Joan E. Smiley, Office of Immigration Litigation, Civ. Div., Dept. of Justice (Richard K. Willard, Acting Asst. Atty. Gen., Dawn MacPhee, Assistant Director, Millicent Y. Clark, on brief), for respondent.
Before WIDENER and WILKINSON, Circuit Judges, and BUTZNER, Senior Circuit Judge.
WIDENER, Circuit Judge:
Maria Socorro Delgado-Corea and her daughter, Aminta Espino-Delgado, seek review of an order of the Board of Immigration Appeals dismissing their appeal from the decision of an immigration judge finding them deportable and ordering that they be deported back to Nicaragua. Mrs. Delgado and her daughter claim that the Immigration and Naturalization Service (INS) violated its own regulations by not providing them with a list of free legal services available for the place where the deportation hearing was to be held. The INS concedes that the regulation in question was violated when Mrs. Delgado and her daughter were provided lists of attorneys available in Tucson, Phoenix, and San Diego rather than a list for Los Angeles where their hearing was conducted. The INS argues, however, that Mrs. Delgado and her daughter have shown no prejudice resulting from their receiving the wrong list of attorneys so that the Board's action should be affirmed. We agree with the INS and deny the petition.
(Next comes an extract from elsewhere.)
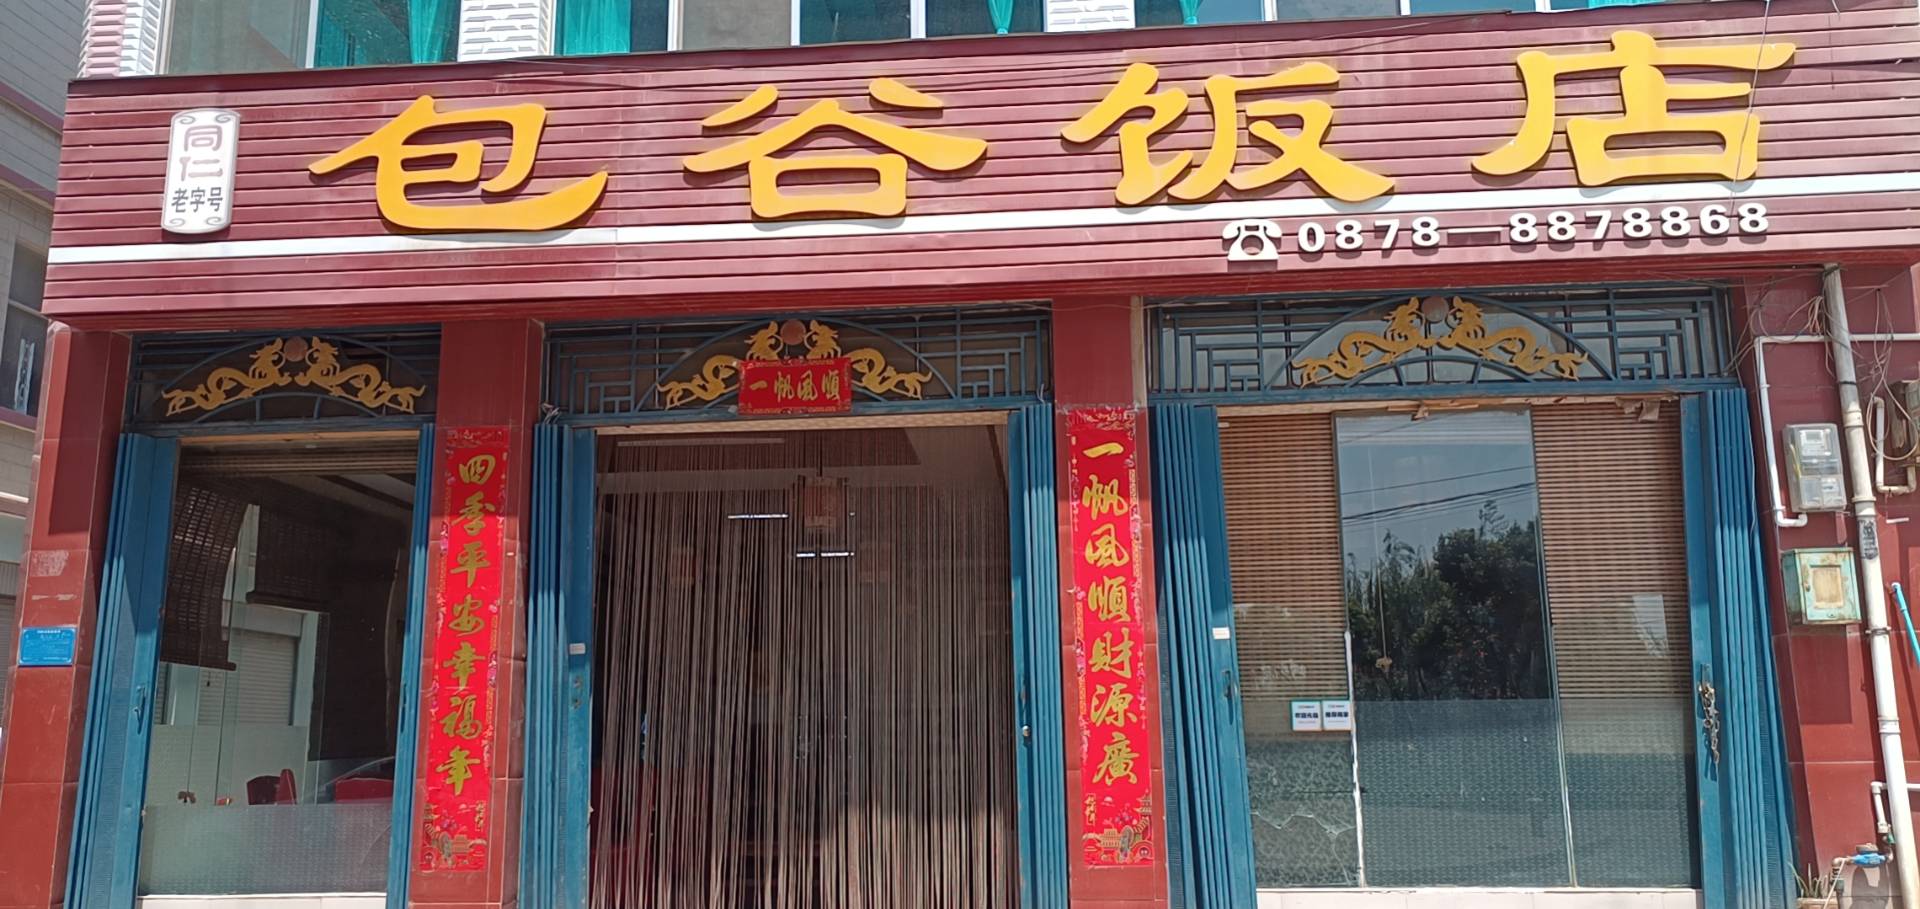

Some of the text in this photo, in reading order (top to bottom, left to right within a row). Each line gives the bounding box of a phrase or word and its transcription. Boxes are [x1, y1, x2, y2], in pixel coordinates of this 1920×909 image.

Mrs. Delgado and her daughter are natives and citizens of Nicaragua. They entered the United States in November 1983 without inspection by border officials in violation of 8 U.S.C. § 1251(a) (2). Shortly thereafter, they were apprehended by border officials and taken to Tucson, Arizona. Show cause orders were issued notifying Mrs. Delgado and her daughter that their deportation hearing would be held in Los Angeles, California. While in Tucson, Mrs. Delgado and her daughter were provided lists of free legal services available in Tucson, Phoenix, and San Diego.
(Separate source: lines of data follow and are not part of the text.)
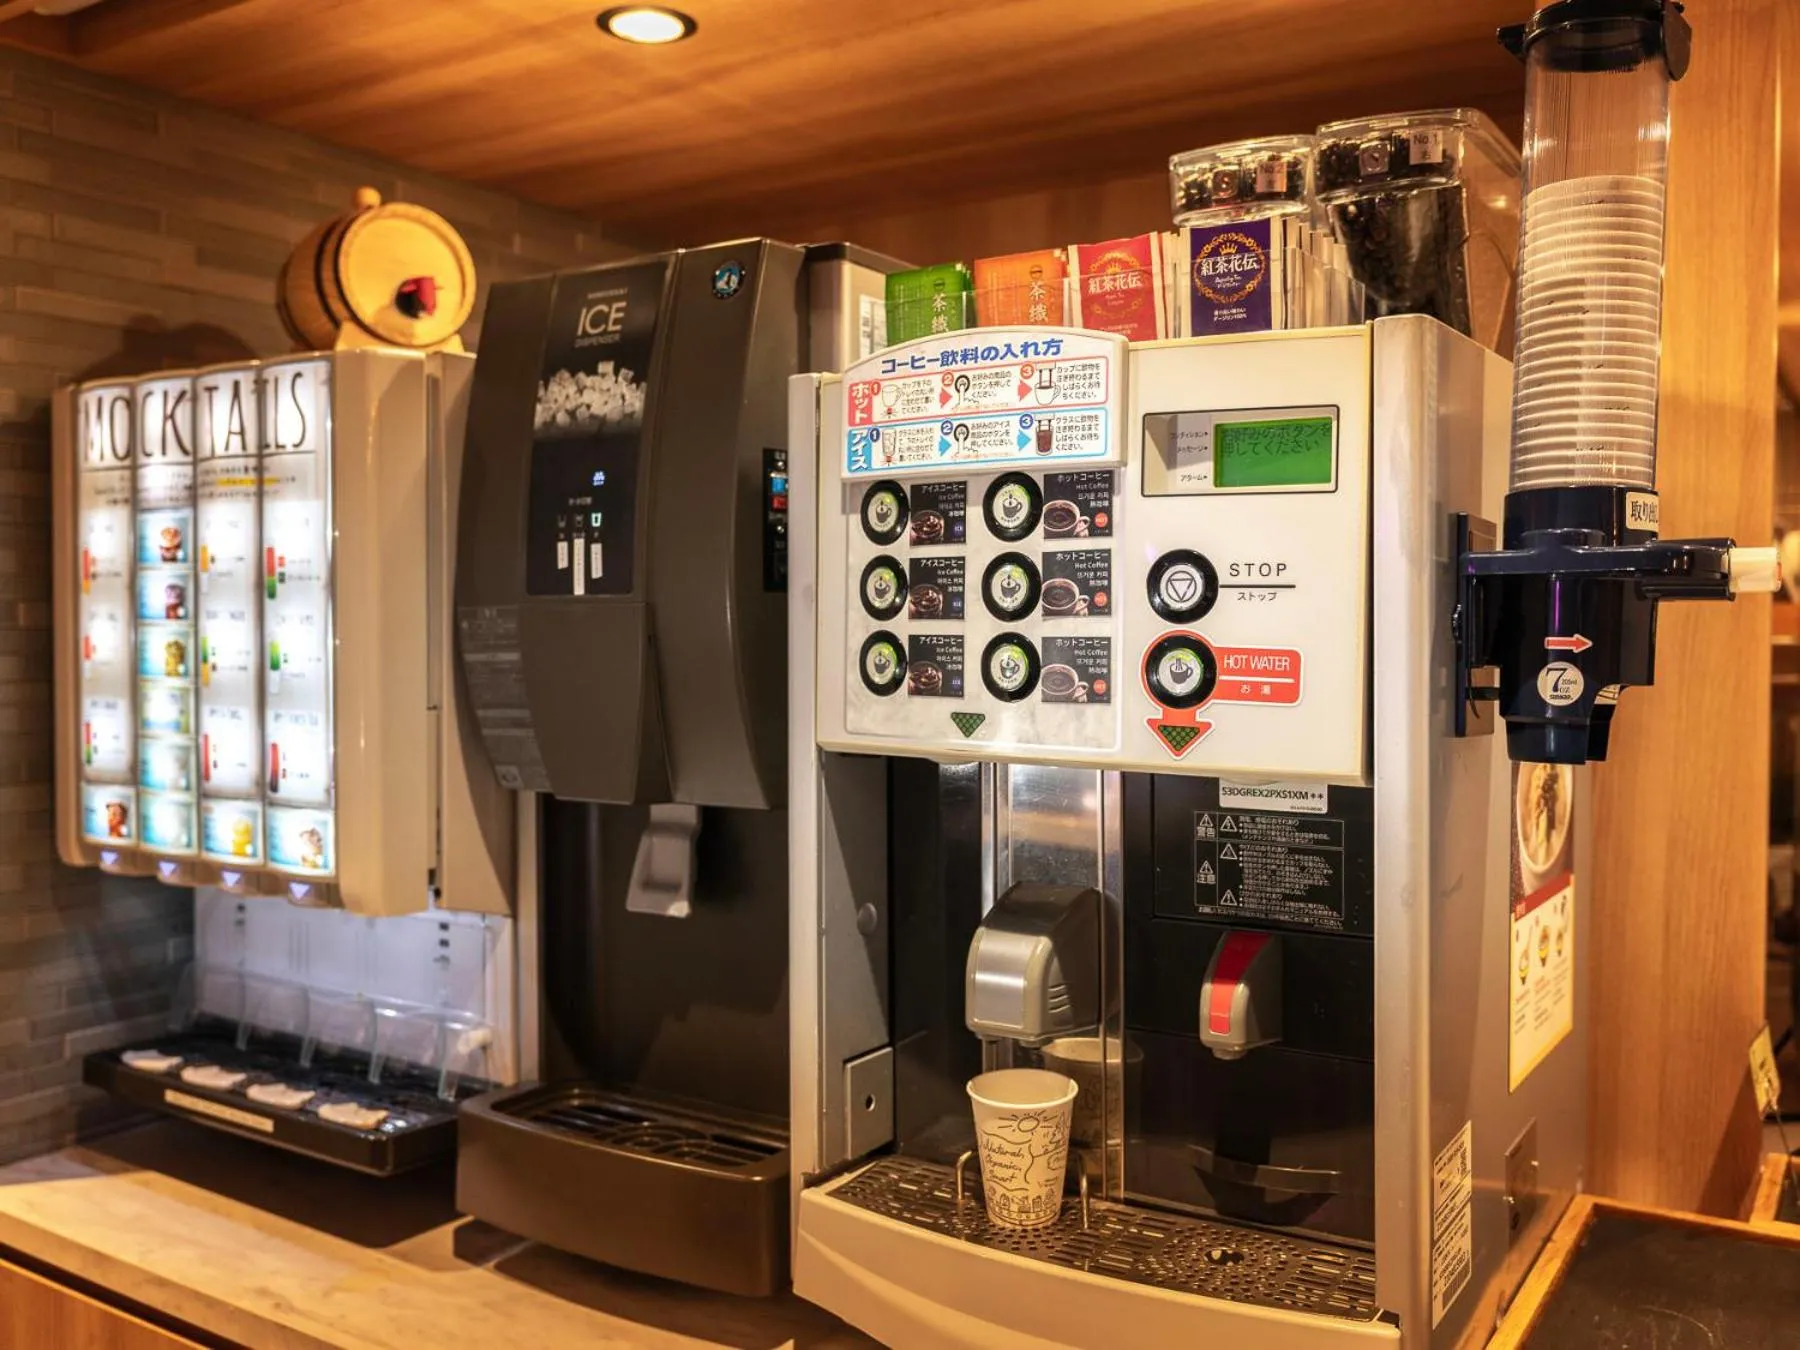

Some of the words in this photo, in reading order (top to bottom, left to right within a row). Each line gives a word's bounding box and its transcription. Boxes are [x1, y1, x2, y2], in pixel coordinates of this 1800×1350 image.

[1200, 253, 1261, 277] 紅茶花伝
[1088, 271, 1144, 296] 紅茶花伝
[577, 301, 628, 336] ICE
[881, 337, 1064, 375] コーヒー飲料の入れ方
[851, 382, 871, 424] ホット
[851, 431, 870, 471] アイス
[1057, 472, 1110, 482] ホットコーヒー
[920, 559, 965, 568] アイスコーヒー
[1056, 551, 1109, 561] ホットコーヒー
[1229, 562, 1288, 578] STOP
[1236, 591, 1278, 602] ストップ
[919, 636, 963, 645] アイスコーヒー
[1055, 638, 1109, 647] ホットコーヒー
[1223, 654, 1248, 670] HOT
[1249, 655, 1290, 672] WATER
[1545, 667, 1568, 693] 7
A joint deportation hearing was held in Los Angeles on November 29, 1983. Mrs. Delgado and her daughter appeared pro se. The immigration judge questioned the two about proceeding without counsel. The following is that colloquy:
Q. The purpose of this hearing is to determine whether or not you should be deported from the United States. Do you both understand?
A. Yes (by both).
Q. At this hearing you have the right to be represented by an attorney or some other person authorized to appear before the Service. Have either of you retained anyone to represent you at this hearing?
A. We will go on.
Q. You mean you want to go ahead without an attorney. Is that what you're saying?
Ms. Jambor, were these people given lists of legal services?
They were both given lists, your Honor.
Both given lists; all right. Oh, I notice on the backs of the Orders to Show Cause they were given lists, too.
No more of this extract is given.